Zanu PF's warring factions may have agreed to smoke the peace pipe following a high-stakes politburo meeting lasting 10 hours Wednesday, but observers are skeptical the truce will hold.
The party is engaged in a brutal succession war pitting two camps allegedly led by Justice Minister Emmerson Mnangagwa and Vice President Joyce Mujuru.
The previously dormant tensions have lately exploded into a fireball that has seen officials trading invectives and recriminations to discredit each other.
And on Wednesday the two formations came face-to-face in a special politburo session that condemned the infighting and encouraged rivals to close ranks.
“Those were things which were discussed, and the resolution was that the party had to remain united and move as a team,” party spokesman Rugare Gumbo said.
But given the gravity of the aspersions and the succession stakes, the odds of unity in Zanu PF are nonexistent, at least according to political analyst Briggs Bomba.

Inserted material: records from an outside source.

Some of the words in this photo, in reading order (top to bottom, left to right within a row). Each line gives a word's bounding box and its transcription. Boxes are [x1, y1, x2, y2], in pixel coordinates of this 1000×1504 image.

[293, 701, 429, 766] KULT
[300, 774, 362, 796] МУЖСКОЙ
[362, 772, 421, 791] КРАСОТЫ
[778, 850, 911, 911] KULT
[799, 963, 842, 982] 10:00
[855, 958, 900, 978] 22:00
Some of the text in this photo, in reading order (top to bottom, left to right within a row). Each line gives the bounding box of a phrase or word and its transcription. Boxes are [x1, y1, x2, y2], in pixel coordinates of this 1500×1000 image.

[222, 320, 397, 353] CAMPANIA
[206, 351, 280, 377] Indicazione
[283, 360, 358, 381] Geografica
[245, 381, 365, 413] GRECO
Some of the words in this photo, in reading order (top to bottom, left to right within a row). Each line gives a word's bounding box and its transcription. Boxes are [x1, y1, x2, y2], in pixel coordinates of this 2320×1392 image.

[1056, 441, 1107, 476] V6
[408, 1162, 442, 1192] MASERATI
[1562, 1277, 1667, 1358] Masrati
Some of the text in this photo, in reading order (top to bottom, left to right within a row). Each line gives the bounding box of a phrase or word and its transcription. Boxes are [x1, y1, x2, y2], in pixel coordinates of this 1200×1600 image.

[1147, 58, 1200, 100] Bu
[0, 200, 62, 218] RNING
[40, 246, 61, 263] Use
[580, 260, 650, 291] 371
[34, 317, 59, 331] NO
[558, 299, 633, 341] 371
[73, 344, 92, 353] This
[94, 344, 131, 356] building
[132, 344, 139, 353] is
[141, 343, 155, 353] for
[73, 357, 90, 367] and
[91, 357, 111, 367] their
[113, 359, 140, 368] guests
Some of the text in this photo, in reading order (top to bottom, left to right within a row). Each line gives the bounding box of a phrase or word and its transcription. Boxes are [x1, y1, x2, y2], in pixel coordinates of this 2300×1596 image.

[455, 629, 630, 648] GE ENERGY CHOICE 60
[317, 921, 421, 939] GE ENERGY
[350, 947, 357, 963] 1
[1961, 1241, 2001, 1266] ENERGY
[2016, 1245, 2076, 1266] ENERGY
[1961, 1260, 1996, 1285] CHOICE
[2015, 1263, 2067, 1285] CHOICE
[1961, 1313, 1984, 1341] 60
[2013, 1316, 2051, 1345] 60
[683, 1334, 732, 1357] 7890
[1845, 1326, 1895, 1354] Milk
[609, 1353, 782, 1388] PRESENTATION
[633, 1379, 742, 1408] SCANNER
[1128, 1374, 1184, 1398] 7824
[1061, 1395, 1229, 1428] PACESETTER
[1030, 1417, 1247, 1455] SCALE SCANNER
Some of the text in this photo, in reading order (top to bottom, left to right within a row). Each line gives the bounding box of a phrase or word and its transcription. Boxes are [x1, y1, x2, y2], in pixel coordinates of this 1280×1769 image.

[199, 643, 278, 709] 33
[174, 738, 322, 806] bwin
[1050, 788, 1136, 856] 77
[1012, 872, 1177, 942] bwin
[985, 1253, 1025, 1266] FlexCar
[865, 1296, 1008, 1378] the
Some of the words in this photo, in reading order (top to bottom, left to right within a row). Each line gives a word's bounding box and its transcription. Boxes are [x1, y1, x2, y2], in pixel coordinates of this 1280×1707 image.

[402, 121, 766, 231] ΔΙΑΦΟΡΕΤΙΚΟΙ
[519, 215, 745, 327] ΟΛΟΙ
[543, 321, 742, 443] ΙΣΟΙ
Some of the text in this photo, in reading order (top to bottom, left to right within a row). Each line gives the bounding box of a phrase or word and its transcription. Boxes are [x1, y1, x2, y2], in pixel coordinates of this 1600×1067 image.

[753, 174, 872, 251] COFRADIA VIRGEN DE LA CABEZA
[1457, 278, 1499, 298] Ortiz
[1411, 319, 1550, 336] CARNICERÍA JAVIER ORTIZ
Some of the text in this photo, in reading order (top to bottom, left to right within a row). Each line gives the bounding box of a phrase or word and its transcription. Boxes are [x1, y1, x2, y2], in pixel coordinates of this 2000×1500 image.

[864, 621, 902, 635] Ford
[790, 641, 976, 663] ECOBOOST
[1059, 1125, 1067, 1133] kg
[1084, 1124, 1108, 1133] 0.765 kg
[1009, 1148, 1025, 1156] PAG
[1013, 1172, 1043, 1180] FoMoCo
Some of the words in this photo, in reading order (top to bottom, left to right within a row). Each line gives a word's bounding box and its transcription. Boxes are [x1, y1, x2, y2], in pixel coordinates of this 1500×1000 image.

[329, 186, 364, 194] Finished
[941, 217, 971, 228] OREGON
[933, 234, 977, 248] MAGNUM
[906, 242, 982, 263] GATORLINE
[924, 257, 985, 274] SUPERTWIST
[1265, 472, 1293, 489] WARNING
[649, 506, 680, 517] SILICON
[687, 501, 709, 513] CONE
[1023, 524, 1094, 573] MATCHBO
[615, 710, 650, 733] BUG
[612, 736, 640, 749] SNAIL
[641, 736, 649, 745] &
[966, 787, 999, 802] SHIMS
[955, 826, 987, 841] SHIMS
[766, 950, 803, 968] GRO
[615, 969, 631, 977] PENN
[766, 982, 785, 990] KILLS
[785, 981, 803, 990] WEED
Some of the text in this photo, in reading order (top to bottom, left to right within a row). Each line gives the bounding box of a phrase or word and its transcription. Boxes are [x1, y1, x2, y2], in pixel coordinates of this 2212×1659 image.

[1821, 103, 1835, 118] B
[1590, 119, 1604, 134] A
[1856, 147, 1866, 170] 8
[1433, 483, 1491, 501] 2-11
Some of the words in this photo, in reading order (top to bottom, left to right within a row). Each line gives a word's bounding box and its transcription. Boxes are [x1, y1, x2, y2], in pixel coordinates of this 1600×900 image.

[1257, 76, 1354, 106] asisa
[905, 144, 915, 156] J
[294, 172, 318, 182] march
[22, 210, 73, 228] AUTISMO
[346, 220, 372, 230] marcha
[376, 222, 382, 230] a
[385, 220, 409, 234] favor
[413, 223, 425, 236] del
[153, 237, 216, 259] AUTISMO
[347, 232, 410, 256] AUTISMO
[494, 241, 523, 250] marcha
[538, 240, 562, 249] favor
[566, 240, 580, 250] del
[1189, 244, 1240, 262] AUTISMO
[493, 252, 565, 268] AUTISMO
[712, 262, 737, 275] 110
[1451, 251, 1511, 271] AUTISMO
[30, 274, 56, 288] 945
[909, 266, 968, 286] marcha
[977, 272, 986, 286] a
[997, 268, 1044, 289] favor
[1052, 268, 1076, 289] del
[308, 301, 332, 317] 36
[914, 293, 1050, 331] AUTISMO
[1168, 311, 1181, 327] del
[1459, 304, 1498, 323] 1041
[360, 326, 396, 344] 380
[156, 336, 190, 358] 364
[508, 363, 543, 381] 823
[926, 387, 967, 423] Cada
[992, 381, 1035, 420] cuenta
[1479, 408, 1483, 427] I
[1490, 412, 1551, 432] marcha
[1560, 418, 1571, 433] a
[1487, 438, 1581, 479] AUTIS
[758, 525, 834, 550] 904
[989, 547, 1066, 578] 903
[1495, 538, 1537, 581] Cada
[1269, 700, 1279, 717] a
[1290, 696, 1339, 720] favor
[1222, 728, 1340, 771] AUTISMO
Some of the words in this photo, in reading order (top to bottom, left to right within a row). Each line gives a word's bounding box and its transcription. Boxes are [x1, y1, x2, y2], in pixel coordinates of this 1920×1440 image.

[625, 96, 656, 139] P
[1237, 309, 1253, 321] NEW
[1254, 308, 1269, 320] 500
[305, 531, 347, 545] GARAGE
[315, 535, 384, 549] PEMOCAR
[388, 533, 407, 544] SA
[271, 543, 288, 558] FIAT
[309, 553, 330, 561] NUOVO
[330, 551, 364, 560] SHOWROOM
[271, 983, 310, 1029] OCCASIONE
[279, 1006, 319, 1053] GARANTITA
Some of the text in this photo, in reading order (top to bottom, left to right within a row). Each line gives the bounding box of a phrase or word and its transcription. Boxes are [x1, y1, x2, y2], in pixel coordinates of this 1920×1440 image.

"You have thoroughly entrenched factional fights in Zanu PF, and there is no way that a 10-hour meeting would wipe off the vested interests on succession that are driving the fighting," Bomba opined.
“We are far from seeing the end of factionalism in Zanu PF, basically, until a successor is clearly in place and you have a new order – a new post-Mugabe order in place.”
Though they both vehemently deny heading factions, Mujuru and Mnangagwa are dueling for vantage point to succeed 90-year-old President Robert Mugabe as party leader if he decides to step aside.
An elective Congress due in December, where a new Zanu PF leadership will be chosen, has aggravated the tensions, leading to physical fights at times.